眼下では荒い波がしぶきを上げ打ち寄せていた。
この波のひとつひとつが彼らに繋がっている。今はもう深い海の底に沈んだディセプティコン。オートボッツの敵。かつて友として戦場を駆けたこともあった。かつてその姿を敬意と羨望の眼差しで見ていたこともあった。
アイアンハイドはゆるゆると頭を振った。過去は過去だ。最早彼らは憎しみと怒りの対象でしかなかった。多くの同胞が彼らによって帰らぬ者となった。
勝気で陽気。大胆にして繊細。無遠慮でいて人の機微に聡い男だった。
ジャズ。友との永遠の別れには慣れているはずだった。なのにどうだ。彼との別れを今だ引きずっている自分がいる。
この星に腰を下ろすことにした自分達。未発達で幼い文化と文明の世界だが、彼はきっととても気に入り愛するはずだ。人間の言う魂とやらが自分達にもあるのならば、穏かな笑顔を浮かべ彼はこの世界を見守っていることだろう。そう思うことがアイアンハイドにとって今出来るささやかな自分への慰めであった。
愛した戦友の死を。倒すべき敵の主要な者達の死を。こんなにも考えたことはあっただろうか。
それは何故か。アイアンハイドは静かに思った。それは誰にも、たとえオプティマスに対しても言えないことだ。いや。彼にだからこそ、言えない。
平和がアイアンハイドにもたらしたものは、大きな喪失感と、空虚な想いだった。満足感は小さくあっさりと消えてしまった。
思えば戦っていた頃は、ただディセプティコンへの怒りが全ての気持ちを包み込み忘れさせてくれた。友を無くした哀しみも深く思考する前に、かたきへの強烈な敵意へと変わった。その怒り、敵意のまま、戦っていれば良かった。
深く思考するということは、辛い。回路がオーバーヒートを起こしてしまいそうになる。それは決してアイアンハイドの思考回路が単純なものという訳ではない。向いていないだけの話だ。彼は戦う為に生み出された。
それでも、たとえ自分に不適応な環境であろうと、大切な者達の望みと喜びの為に慣れてゆかなくてはならない。彼の護るべき最も大切な者は平和をずっと望んでいたのだ。己の命も顧みぬほどに。
だから、もう彼らのことを考えるのは止めにしよう。死した者は戻ってはこない。自分は新たな世界をゆかねばならない。
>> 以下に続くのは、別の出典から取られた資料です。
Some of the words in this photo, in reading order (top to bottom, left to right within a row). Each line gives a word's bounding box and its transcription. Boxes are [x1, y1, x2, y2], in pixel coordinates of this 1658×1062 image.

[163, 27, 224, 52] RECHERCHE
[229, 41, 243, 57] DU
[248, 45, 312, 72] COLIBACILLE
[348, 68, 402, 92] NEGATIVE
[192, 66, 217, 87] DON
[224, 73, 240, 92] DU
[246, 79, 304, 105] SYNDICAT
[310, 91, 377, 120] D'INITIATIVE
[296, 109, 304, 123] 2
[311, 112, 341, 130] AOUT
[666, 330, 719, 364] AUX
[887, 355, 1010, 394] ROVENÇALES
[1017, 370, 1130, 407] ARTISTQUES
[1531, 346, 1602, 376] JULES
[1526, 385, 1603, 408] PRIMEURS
アイアンハイドは空を見た。青い。アイアンハイドは武器以外に対しそういった感情はあまり働かないが、それでも一面に広がる青空は美しいと思った。
一度小さく笑い、そうしてアイアンハイドはかつての世界をメモリーから引っ張り出した。
懐かしい。今はもう知るものは少ない、遠い過去だ。オプティマス・プライムがいて、メガトロンがいた。彼らがその頃愛し合っていたなどと、きっとその時代を知らない者は信じないだろう。二人は確かにお互いを思いやり支えあっていたのだ。
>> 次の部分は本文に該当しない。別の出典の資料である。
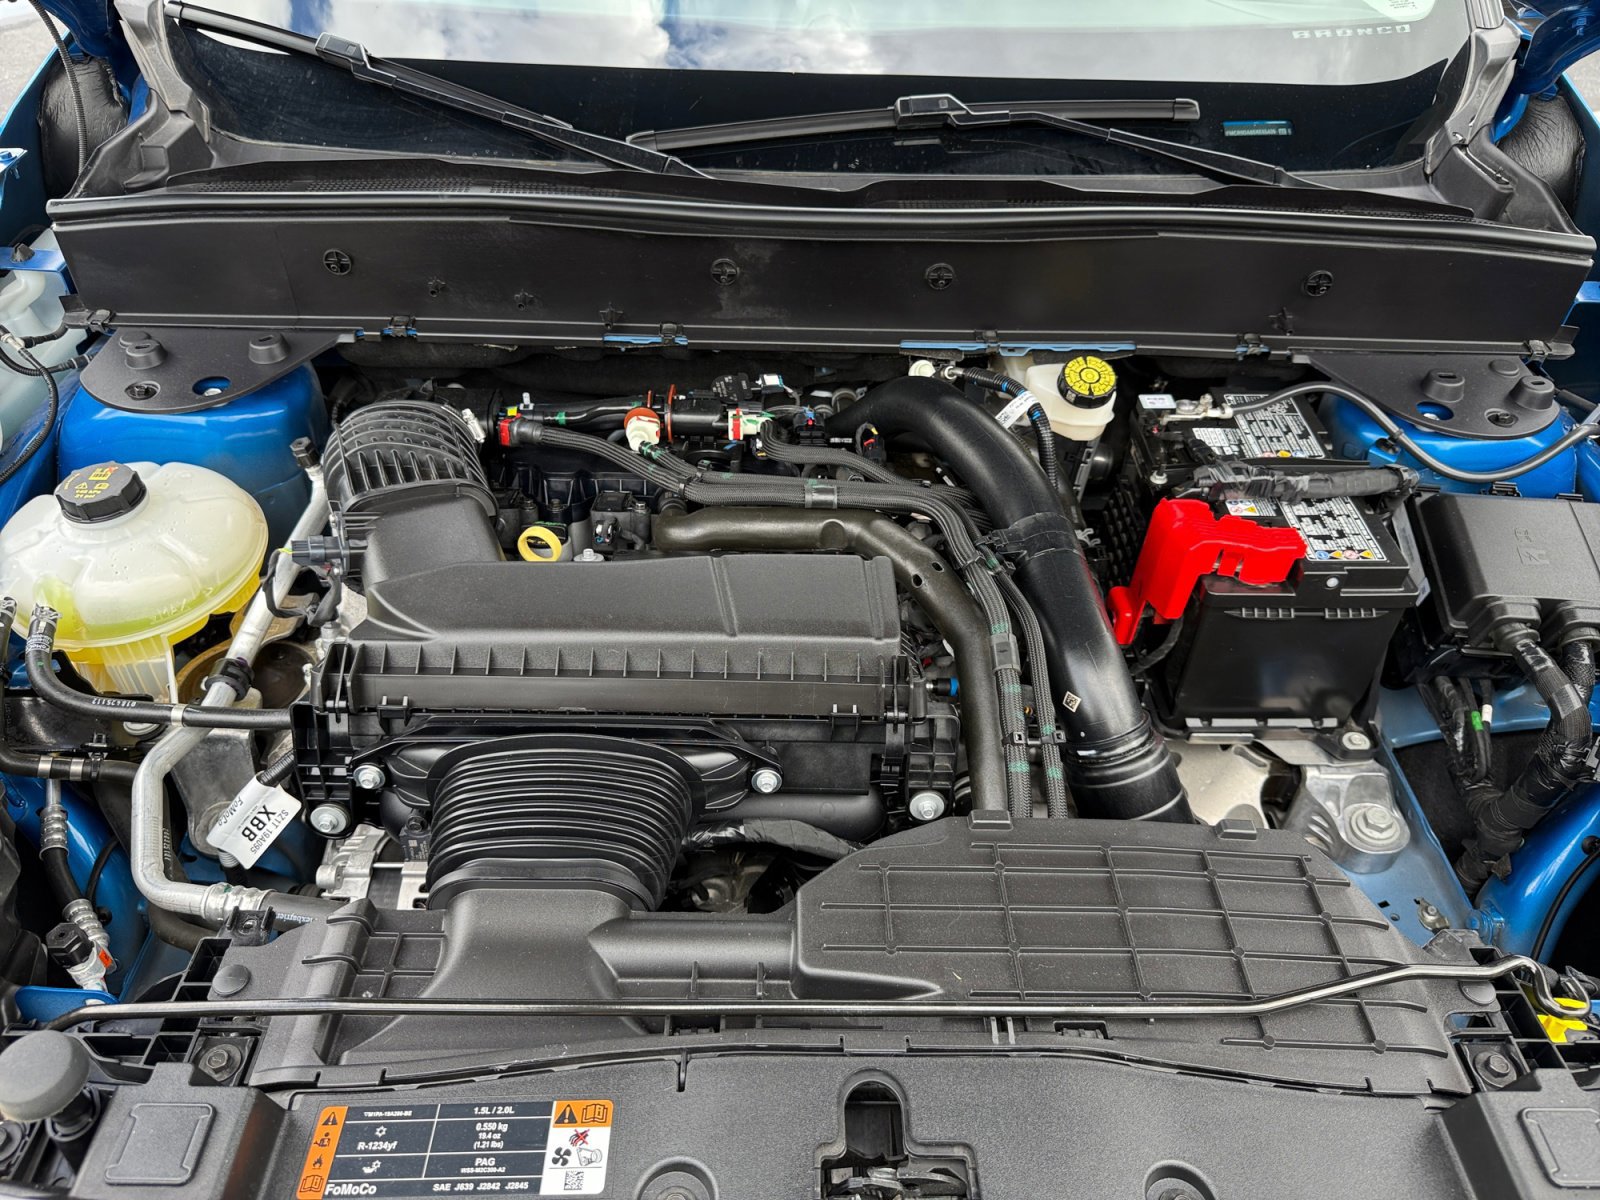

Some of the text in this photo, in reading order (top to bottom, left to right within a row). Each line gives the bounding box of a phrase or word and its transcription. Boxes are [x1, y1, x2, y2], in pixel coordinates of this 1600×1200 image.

[1292, 24, 1411, 39] BRONCO
[218, 796, 243, 826] FoMoCo
[241, 804, 276, 842] XBB
[250, 829, 273, 854] 19A095
[276, 913, 313, 923] lexbarrier
[473, 1106, 491, 1115] 1.5L
[496, 1106, 515, 1114] 2.0L
[475, 1122, 508, 1132] 0.550 kg
[356, 1141, 398, 1152] R-1234yf
[473, 1140, 504, 1150] (1.21 lbs)
[474, 1157, 496, 1166] PAG
[324, 1183, 377, 1196] FoMoCo
[432, 1181, 529, 1191] SAE J639 J2842 J2845
アイアンハイドにとってメガトロンは崇拝にも近い敬意を抱く相手だった。圧倒的な強さとカリスマを誇る防衛司令官は彼の上官だった。オプティマスの護衛官に抜擢されるまで、彼の一番はメガトロンだった。
オプティマスの護衛に就いて、彼のことを知るにつれ、アイアンハイドの中で一番は二人になった。二人は共にいるべきだと強く思うようになっていた。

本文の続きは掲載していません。